Dataset entries:
= = = = =
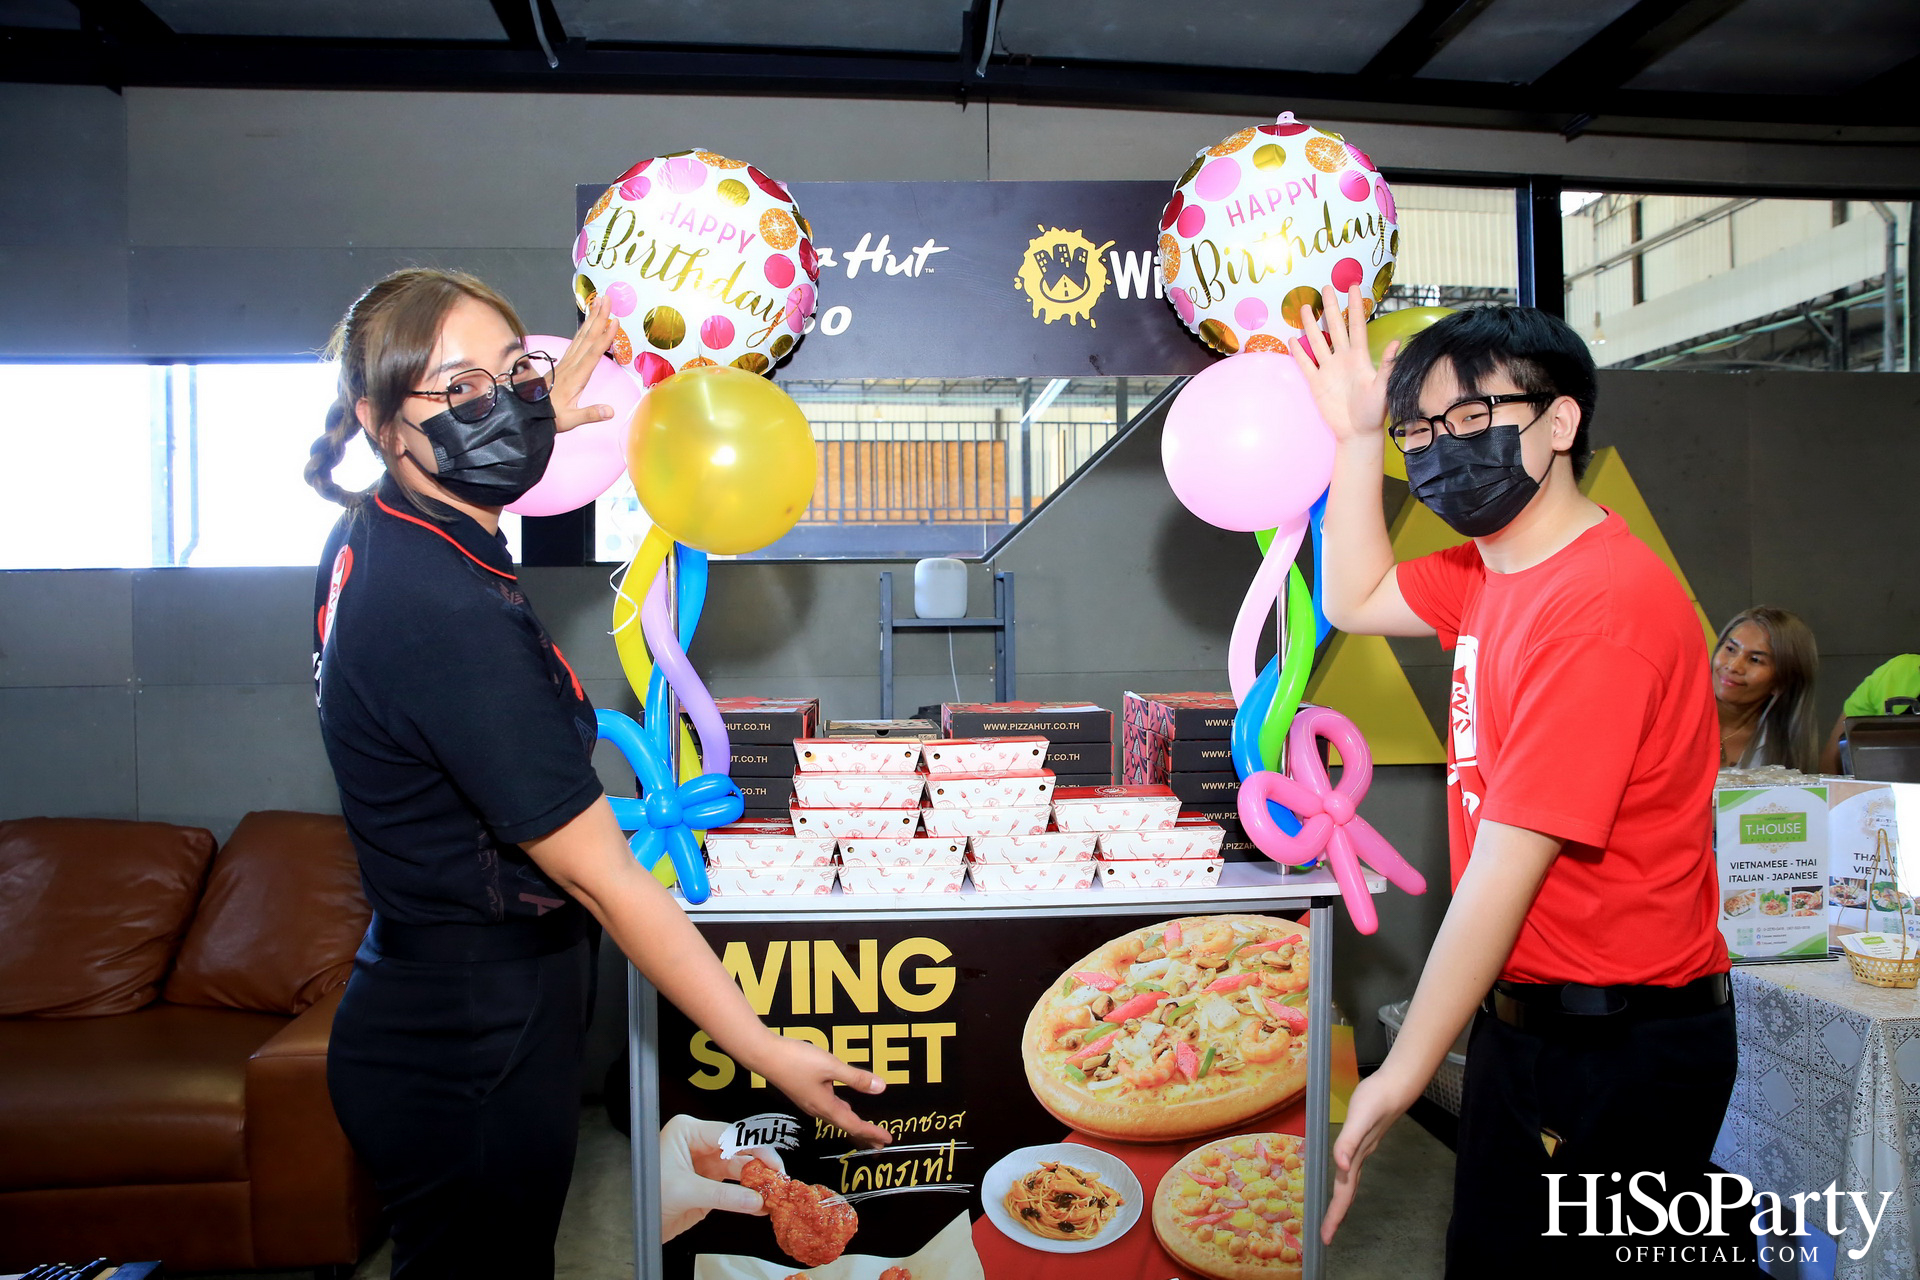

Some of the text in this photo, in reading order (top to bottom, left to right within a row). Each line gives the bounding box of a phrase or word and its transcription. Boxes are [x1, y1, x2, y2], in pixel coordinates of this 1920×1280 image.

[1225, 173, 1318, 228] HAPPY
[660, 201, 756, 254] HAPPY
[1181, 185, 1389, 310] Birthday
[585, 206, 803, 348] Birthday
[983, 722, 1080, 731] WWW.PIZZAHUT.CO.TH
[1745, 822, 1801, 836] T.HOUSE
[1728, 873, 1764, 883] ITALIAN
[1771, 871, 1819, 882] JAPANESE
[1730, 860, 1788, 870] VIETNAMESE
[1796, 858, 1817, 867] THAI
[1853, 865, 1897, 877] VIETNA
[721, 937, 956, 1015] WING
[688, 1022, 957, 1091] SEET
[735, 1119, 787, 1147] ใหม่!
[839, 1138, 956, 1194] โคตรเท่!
= = = = =
Pictures aside, every entry above must be repeated exactly.

**Finished exercise:**
Some of the text in this photo, in reading order (top to bottom, left to right within a row). Each line gives the bounding box of a phrase or word and its transcription. Boxes are [x1, y1, x2, y2], in pixel coordinates of this 1920×1280 image.

[1225, 173, 1318, 228] HAPPY
[660, 201, 756, 254] HAPPY
[1181, 185, 1389, 310] Birthday
[585, 206, 803, 348] Birthday
[983, 722, 1080, 731] WWW.PIZZAHUT.CO.TH
[1745, 822, 1801, 836] T.HOUSE
[1728, 873, 1764, 883] ITALIAN
[1771, 871, 1819, 882] JAPANESE
[1730, 860, 1788, 870] VIETNAMESE
[1796, 858, 1817, 867] THAI
[1853, 865, 1897, 877] VIETNA
[721, 937, 956, 1015] WING
[688, 1022, 957, 1091] SEET
[735, 1119, 787, 1147] ใหม่!
[839, 1138, 956, 1194] โคตรเท่!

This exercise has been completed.